- Task to carry out -
Please write out the line containing "this 1440×1280 image." and each line after it through the end of the data, exactly, and nothing else.

- Given data -
------------------------------------------------------------------------
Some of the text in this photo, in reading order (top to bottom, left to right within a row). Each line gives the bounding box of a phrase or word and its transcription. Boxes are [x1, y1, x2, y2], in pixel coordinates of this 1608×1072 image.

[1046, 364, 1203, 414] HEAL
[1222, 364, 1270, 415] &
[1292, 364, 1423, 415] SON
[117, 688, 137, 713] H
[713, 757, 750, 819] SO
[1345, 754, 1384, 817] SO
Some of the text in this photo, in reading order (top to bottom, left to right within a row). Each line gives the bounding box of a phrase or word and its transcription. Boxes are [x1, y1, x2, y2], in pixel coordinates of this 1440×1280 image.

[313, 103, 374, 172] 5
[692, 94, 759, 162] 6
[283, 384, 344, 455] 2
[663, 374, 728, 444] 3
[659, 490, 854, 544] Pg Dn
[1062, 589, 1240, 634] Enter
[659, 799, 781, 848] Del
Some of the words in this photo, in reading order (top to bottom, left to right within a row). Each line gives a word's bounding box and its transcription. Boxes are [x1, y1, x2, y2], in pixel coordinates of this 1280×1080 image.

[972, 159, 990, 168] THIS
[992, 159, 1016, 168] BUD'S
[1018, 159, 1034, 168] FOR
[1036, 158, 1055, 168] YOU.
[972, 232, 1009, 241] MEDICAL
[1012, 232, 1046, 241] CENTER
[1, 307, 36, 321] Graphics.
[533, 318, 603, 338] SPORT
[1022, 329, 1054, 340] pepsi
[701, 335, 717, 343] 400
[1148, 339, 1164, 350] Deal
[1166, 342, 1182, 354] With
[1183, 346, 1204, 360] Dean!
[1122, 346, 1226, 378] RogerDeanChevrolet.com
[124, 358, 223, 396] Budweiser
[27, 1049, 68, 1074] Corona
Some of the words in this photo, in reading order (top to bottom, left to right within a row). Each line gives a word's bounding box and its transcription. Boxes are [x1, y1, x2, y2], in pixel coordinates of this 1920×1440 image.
------------------------------------------------------------------------
- Completed exercise -
Some of the text in this photo, in reading order (top to bottom, left to right within a row). Each line gives the bounding box of a phrase or word and its transcription. Boxes are [x1, y1, x2, y2], in pixel coordinates of this 1440×1280 image.

[313, 103, 374, 172] 5
[692, 94, 759, 162] 6
[283, 384, 344, 455] 2
[663, 374, 728, 444] 3
[659, 490, 854, 544] Pg Dn
[1062, 589, 1240, 634] Enter
[659, 799, 781, 848] Del
Some of the words in this photo, in reading order (top to bottom, left to right within a row). Each line gives a word's bounding box and its transcription. Boxes are [x1, y1, x2, y2], in pixel coordinates of this 1280×1080 image.

[972, 159, 990, 168] THIS
[992, 159, 1016, 168] BUD'S
[1018, 159, 1034, 168] FOR
[1036, 158, 1055, 168] YOU.
[972, 232, 1009, 241] MEDICAL
[1012, 232, 1046, 241] CENTER
[1, 307, 36, 321] Graphics.
[533, 318, 603, 338] SPORT
[1022, 329, 1054, 340] pepsi
[701, 335, 717, 343] 400
[1148, 339, 1164, 350] Deal
[1166, 342, 1182, 354] With
[1183, 346, 1204, 360] Dean!
[1122, 346, 1226, 378] RogerDeanChevrolet.com
[124, 358, 223, 396] Budweiser
[27, 1049, 68, 1074] Corona
Some of the words in this photo, in reading order (top to bottom, left to right within a row). Each line gives a word's bounding box and its transcription. Boxes are [x1, y1, x2, y2], in pixel coordinates of this 1920×1440 image.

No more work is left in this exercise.